“How do you think we fared last year financially?” Cushman & Wakefield New York Metro COO Joseph Harbert asked the brokers and executives assembled Wednesday morning for breakfast in the back room of Michael’s. “Up or down?”
The room was silent.
“Come on—some participation!” Mr. Harbert said.
Ken McCarthy, Cushman’s managing director of research, who had just lectured on the state of the economy, gave everyone a hint: He pointed to the floor.
The theme of the “Market Analysis and Outlook” breakfast was, essentially, Look How Much Better We’re Doing and Look How Bright the Future Is. Cushman executives summoned data to support their optimism. Wherever the data was less rosy, they made sure to say that the Manhattan office market had hit bottom. That things are getting better. That, as a Cushman research pamphlet says, we are “turning a corner.”

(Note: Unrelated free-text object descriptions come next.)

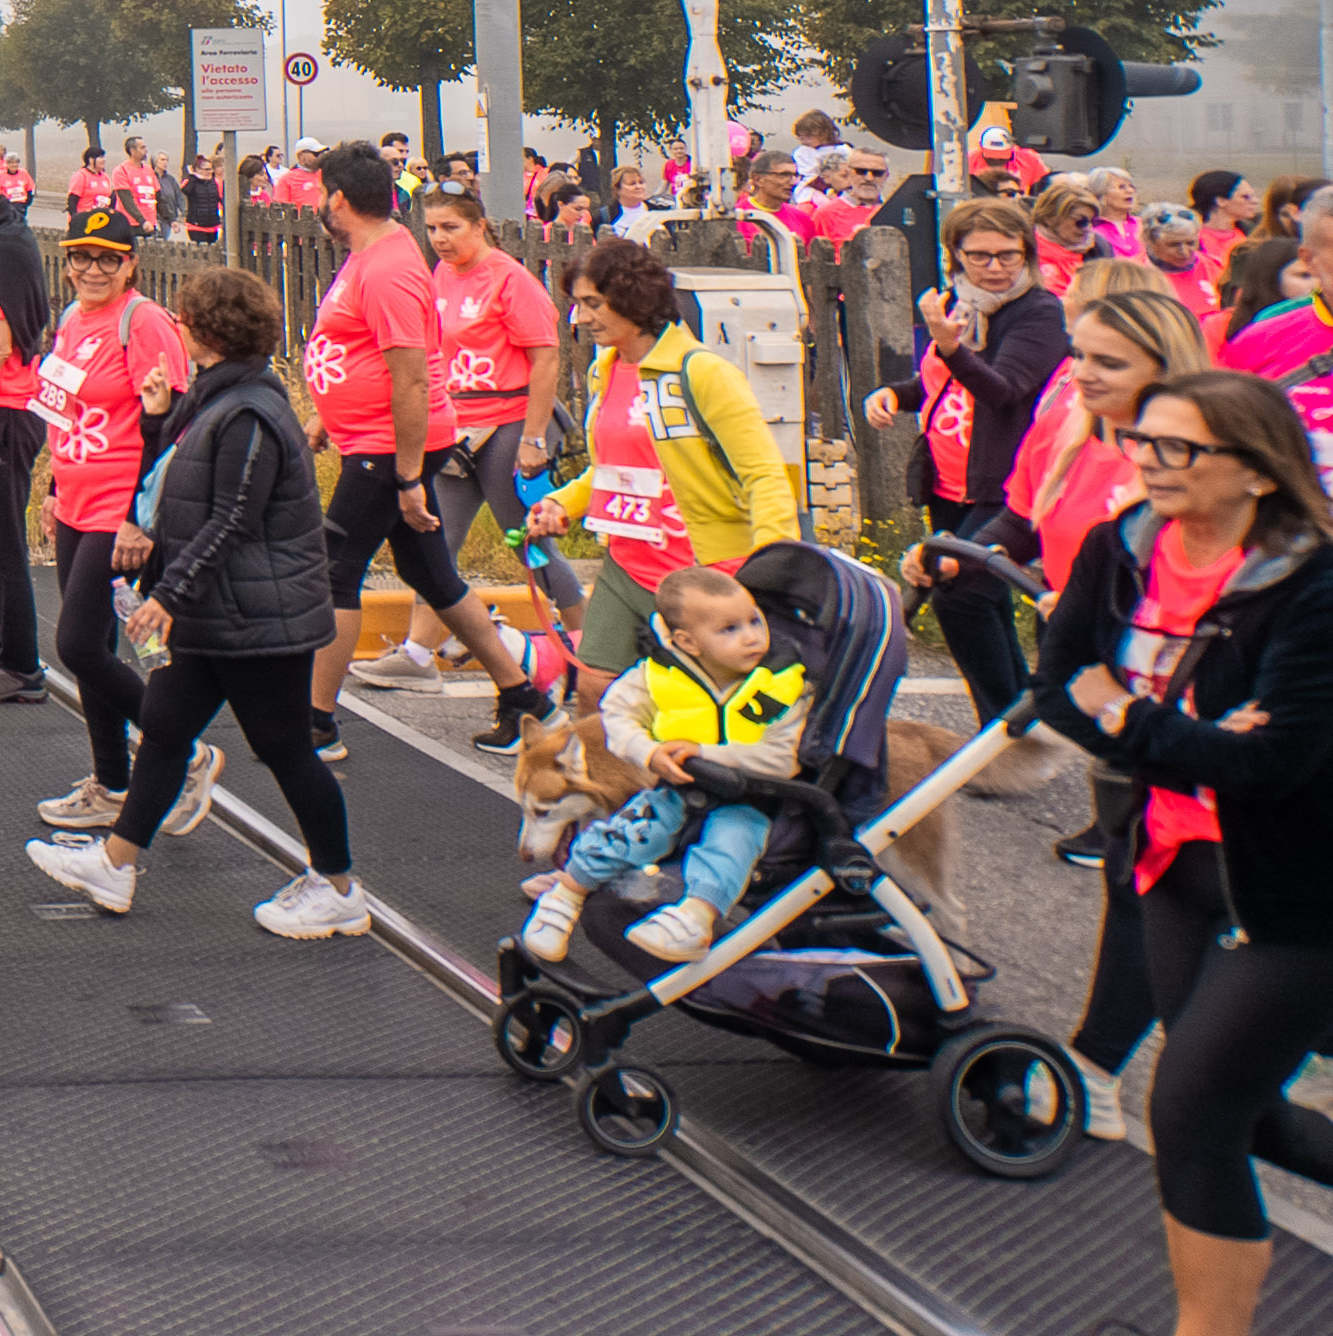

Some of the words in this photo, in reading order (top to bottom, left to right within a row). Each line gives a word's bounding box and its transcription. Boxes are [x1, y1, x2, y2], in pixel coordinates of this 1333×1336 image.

[201, 63, 248, 74] Vietato
[290, 61, 313, 77] 40
[202, 75, 259, 86] l'accesso
[39, 380, 67, 412] 289
[604, 493, 652, 523] 473
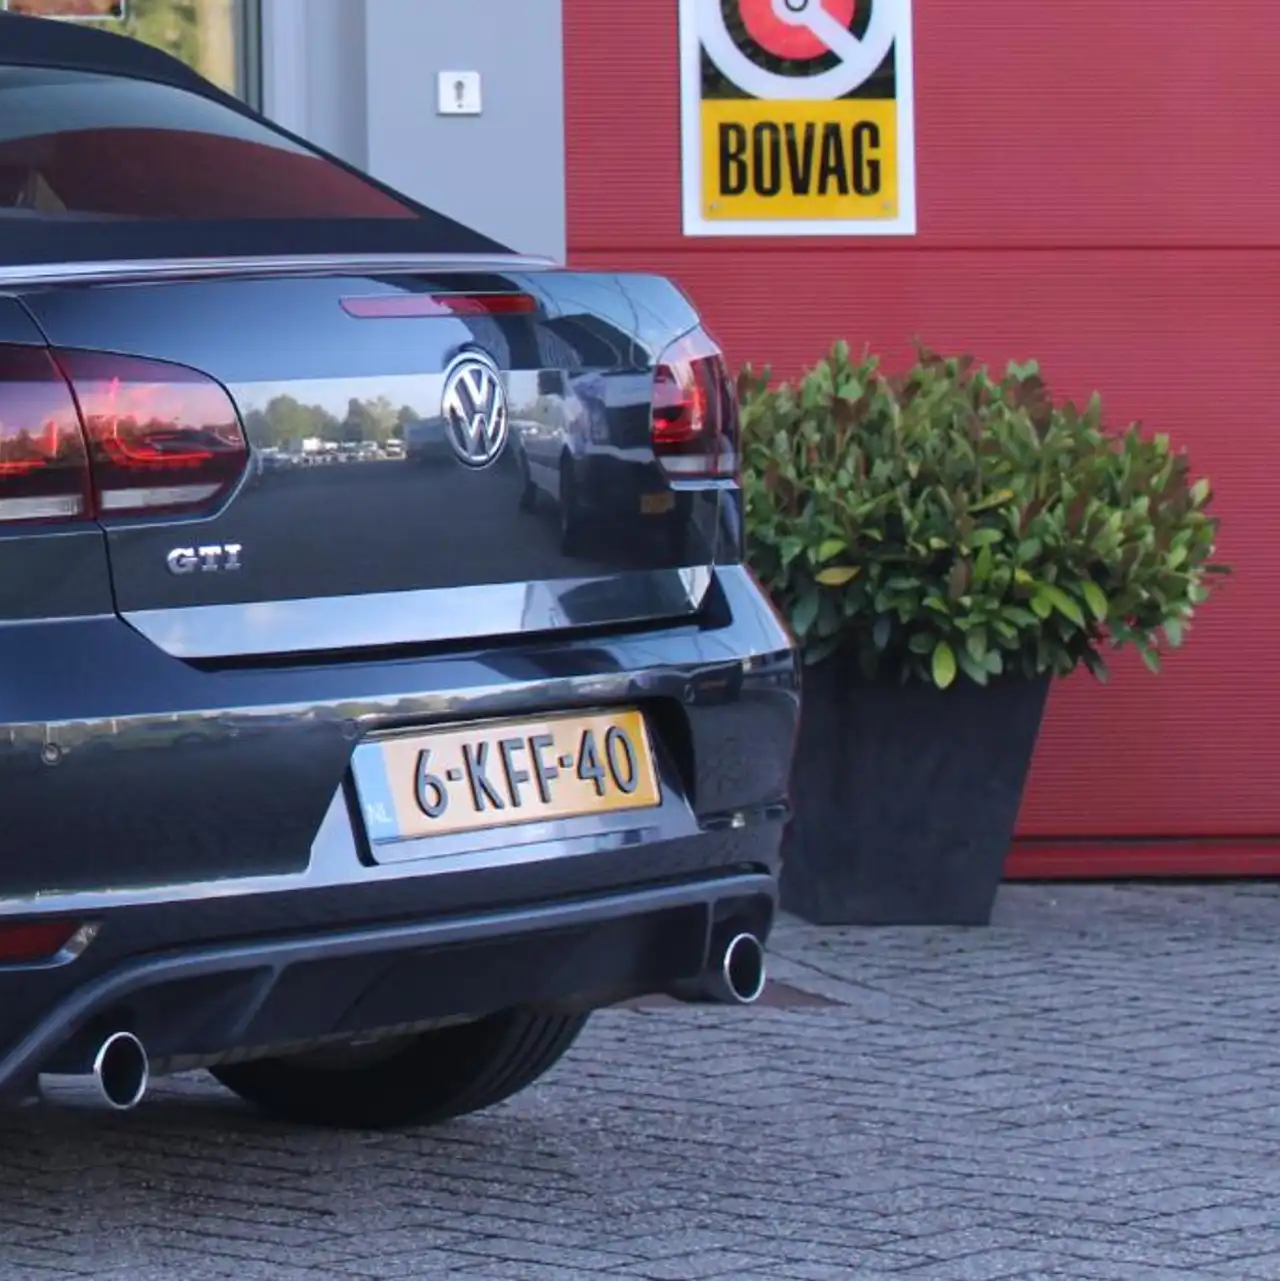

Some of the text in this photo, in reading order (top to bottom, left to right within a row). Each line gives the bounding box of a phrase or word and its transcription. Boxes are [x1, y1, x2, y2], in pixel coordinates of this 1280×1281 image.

[718, 121, 880, 197] BOVAG
[167, 544, 242, 575] GTI
[414, 725, 640, 819] 6-KFF-40

Mr. Harbert recalled the first quarter of 2009 with a shudder. “I think all of us remember the press breakfast that quarter was not a happy one,” he said.
At Wednesday’s event, which presented the second quarter numbers (which actually reflect the market reality of weeks and even months ago), Cushman executives talked like people who have glimpsed an oasis at the end of a long desert. What seemed to be the favorite statistic was that current office leases have totaled 12.6 million square feet so far in 2010, a 97.5 percent increase from last year.

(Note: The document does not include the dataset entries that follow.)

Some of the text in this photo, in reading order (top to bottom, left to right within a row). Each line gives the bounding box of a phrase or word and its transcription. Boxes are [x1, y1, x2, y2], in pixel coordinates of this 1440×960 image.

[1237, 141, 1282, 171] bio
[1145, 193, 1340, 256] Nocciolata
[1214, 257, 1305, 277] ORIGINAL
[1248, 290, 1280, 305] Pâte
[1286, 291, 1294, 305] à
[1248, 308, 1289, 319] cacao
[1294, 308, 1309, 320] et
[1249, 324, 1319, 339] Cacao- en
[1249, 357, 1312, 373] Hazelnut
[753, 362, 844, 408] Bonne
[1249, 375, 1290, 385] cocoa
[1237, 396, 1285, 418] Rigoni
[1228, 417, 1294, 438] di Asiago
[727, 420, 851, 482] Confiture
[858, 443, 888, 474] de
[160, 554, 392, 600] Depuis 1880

Midtown and midtown south appear to be leading the way toward a stronger office market. The square footage leased in midtown proper is up 102.4 percent from last year, and midtown south is up 236.1 percent. Mr. Harbert said that midtown south, once an “alternate market” for offices, is now a “destination.” Mr. McCarthy, the economist, said that midtown, which was hit hardest in the recession, is bouncing back most quickly.
But the picture is bleaker downtown, where leased square footage is only up 14.3 percent. Vacancy downtown is at 9.9 percent, up from 8.7 percent in the same quarter last year. Asking rents are low, at an average of $37.81 a square foot, a 13.7 percent drop from last year. In midtown the vacancy is, worryingly, higher, at 11.5 percent, but still, that number represents a slight decrease from last year. Midtown rents are up to a relatively strong $61.66. Mr. Harbert said the downtown situation “could get a bit worse” before it gets better.
High-profile deals in the last two quarters may be cause for hope, but Mr. Harbert was cautious: Midrange properties, the commercial market’s “bread and butter,” only comprise 15 percent of deals.
Breakfast on Wednesday was standard: scrambled eggs, bacon, pancakes and fruit. Mr. McCarthy said he’s eaten that exact meal every quarter “for as long as I’ve been here.” Good times or bad, the food remains the same.
Once the speech wrapped up, Cushman employees passed around a microphone, each contributing a nugget of optimism. Mr. McCarthy, among the most optimistic, finally admitted that rents, at least, haven’t yet bottomed out. “It’s probably going to be 2011 before we see rents tick up again across the board,” he said.